### Required work:
Transcribe each entry in full, and leave the images out.

### Available records:
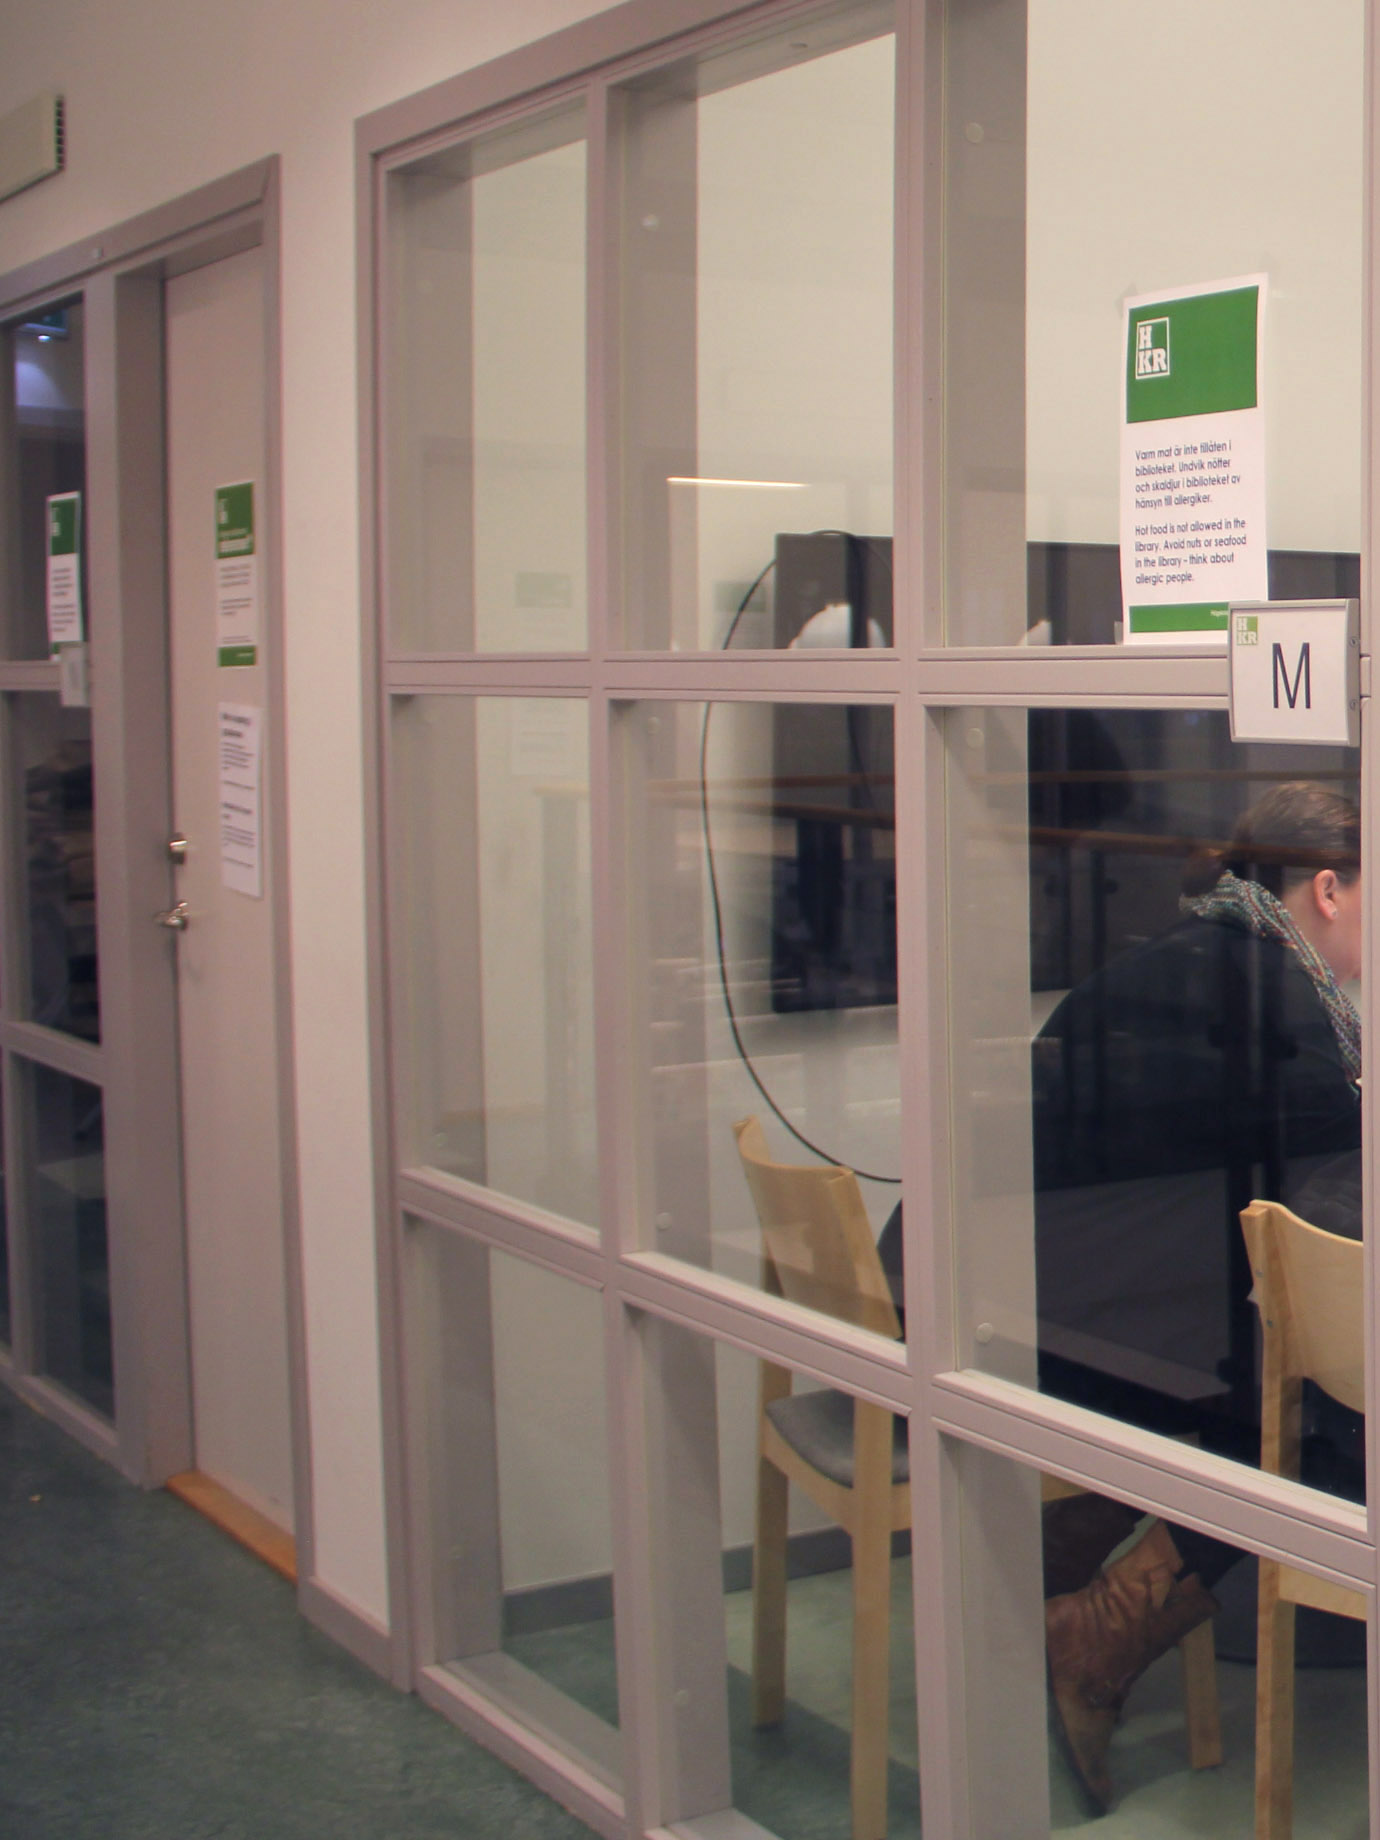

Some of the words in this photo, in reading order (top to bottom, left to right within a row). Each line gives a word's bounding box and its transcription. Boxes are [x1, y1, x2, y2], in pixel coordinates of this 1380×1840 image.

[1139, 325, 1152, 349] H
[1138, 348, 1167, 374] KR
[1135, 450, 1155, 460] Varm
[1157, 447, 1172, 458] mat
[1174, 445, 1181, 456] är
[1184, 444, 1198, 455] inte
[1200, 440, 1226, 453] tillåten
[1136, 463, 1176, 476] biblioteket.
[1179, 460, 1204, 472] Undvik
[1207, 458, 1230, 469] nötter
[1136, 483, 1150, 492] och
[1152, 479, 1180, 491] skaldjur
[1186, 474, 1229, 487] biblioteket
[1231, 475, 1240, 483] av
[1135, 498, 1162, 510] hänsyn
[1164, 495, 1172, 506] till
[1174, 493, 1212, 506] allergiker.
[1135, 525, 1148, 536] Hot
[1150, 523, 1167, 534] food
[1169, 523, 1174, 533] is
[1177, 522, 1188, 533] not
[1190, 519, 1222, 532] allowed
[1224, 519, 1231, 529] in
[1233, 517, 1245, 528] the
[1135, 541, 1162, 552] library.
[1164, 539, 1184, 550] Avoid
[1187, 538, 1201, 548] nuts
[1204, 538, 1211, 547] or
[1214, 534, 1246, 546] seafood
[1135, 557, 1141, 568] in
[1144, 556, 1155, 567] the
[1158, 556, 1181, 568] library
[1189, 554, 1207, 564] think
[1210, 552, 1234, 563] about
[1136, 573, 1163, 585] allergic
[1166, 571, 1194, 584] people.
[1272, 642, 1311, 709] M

### Answer section:
Some of the words in this photo, in reading order (top to bottom, left to right within a row). Each line gives a word's bounding box and its transcription. Boxes are [x1, y1, x2, y2], in pixel coordinates of this 1380×1840 image.

[1139, 325, 1152, 349] H
[1138, 348, 1167, 374] KR
[1135, 450, 1155, 460] Varm
[1157, 447, 1172, 458] mat
[1174, 445, 1181, 456] är
[1184, 444, 1198, 455] inte
[1200, 440, 1226, 453] tillåten
[1136, 463, 1176, 476] biblioteket.
[1179, 460, 1204, 472] Undvik
[1207, 458, 1230, 469] nötter
[1136, 483, 1150, 492] och
[1152, 479, 1180, 491] skaldjur
[1186, 474, 1229, 487] biblioteket
[1231, 475, 1240, 483] av
[1135, 498, 1162, 510] hänsyn
[1164, 495, 1172, 506] till
[1174, 493, 1212, 506] allergiker.
[1135, 525, 1148, 536] Hot
[1150, 523, 1167, 534] food
[1169, 523, 1174, 533] is
[1177, 522, 1188, 533] not
[1190, 519, 1222, 532] allowed
[1224, 519, 1231, 529] in
[1233, 517, 1245, 528] the
[1135, 541, 1162, 552] library.
[1164, 539, 1184, 550] Avoid
[1187, 538, 1201, 548] nuts
[1204, 538, 1211, 547] or
[1214, 534, 1246, 546] seafood
[1135, 557, 1141, 568] in
[1144, 556, 1155, 567] the
[1158, 556, 1181, 568] library
[1189, 554, 1207, 564] think
[1210, 552, 1234, 563] about
[1136, 573, 1163, 585] allergic
[1166, 571, 1194, 584] people.
[1272, 642, 1311, 709] M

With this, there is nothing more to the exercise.